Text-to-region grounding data
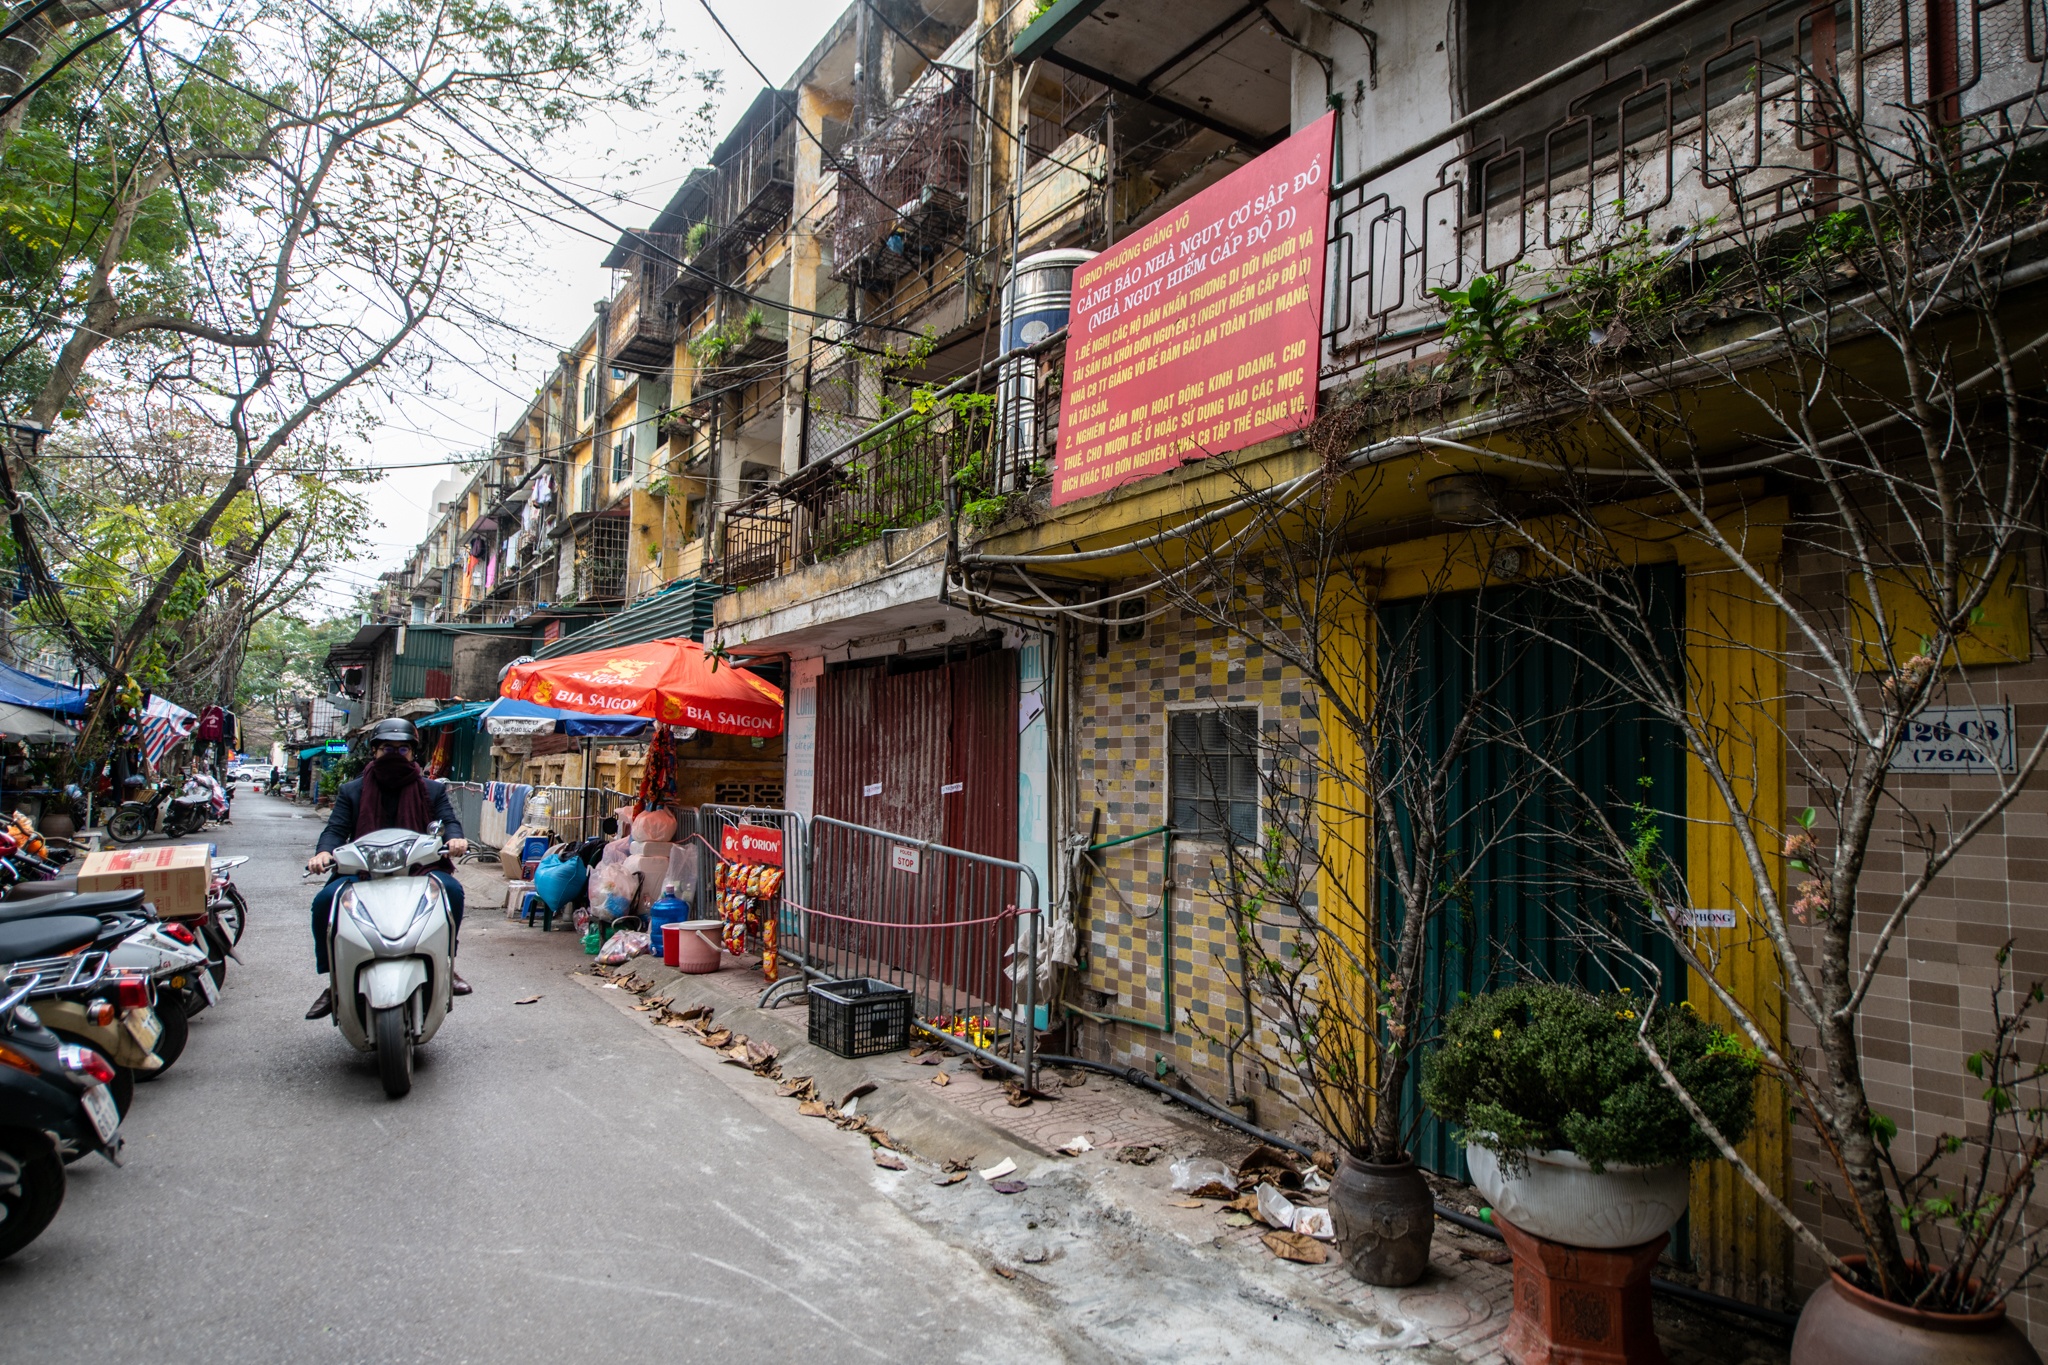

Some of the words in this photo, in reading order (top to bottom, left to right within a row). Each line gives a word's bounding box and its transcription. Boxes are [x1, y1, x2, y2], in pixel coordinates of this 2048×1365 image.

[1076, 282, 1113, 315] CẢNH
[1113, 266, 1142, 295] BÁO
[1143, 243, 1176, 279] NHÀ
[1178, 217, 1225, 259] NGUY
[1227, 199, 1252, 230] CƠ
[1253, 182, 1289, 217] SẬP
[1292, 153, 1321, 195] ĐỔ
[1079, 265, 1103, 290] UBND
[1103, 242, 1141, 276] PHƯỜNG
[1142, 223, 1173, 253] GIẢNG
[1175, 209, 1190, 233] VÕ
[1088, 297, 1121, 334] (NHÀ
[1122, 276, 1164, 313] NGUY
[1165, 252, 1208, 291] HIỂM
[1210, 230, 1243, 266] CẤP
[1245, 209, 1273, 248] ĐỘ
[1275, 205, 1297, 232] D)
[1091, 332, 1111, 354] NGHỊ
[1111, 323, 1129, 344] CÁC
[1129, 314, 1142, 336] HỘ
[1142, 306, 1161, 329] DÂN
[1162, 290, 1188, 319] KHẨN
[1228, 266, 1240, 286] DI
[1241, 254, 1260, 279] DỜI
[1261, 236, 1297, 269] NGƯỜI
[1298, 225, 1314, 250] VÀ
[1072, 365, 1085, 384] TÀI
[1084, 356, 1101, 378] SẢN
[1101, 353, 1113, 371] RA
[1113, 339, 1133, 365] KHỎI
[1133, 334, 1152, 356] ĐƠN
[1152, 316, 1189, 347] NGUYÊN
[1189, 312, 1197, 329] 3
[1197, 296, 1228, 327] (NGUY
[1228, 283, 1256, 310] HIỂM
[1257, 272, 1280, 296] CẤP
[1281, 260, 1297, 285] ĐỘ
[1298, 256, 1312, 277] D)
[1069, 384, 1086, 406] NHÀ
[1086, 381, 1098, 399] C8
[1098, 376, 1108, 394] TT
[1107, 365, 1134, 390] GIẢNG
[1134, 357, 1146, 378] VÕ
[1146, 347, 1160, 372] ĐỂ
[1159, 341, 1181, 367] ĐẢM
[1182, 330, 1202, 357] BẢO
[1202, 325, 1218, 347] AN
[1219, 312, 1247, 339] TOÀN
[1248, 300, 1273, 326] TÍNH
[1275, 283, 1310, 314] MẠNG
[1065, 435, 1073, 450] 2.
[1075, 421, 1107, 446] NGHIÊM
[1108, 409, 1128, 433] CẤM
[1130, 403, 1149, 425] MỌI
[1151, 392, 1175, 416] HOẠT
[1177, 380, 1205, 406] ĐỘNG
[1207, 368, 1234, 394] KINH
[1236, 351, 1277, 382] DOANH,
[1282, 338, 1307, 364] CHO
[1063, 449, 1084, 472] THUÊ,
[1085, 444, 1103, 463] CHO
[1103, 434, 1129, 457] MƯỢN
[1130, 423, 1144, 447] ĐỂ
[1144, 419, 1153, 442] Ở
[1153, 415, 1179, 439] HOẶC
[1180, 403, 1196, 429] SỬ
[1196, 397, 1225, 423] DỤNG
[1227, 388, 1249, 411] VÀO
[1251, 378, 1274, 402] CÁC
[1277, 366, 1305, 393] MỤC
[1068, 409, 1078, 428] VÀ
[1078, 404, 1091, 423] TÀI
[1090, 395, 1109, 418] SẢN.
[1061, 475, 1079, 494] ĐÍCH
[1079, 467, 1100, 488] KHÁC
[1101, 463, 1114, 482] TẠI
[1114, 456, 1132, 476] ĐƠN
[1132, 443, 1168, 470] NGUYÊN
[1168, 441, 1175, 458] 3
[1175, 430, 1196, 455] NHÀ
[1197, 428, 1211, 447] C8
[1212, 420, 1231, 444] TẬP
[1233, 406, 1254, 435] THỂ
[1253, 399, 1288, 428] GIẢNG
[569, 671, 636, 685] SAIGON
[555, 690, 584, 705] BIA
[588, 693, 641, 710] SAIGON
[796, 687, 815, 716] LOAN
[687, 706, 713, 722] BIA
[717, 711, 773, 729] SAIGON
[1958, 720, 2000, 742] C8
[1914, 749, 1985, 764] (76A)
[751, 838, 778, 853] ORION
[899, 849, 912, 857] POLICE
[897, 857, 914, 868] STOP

Problem description :: Filter the records above for the string "GIẢNG" and copy each matching line.

Exercise solution ::
[1142, 223, 1173, 253] GIẢNG
[1107, 365, 1134, 390] GIẢNG
[1253, 399, 1288, 428] GIẢNG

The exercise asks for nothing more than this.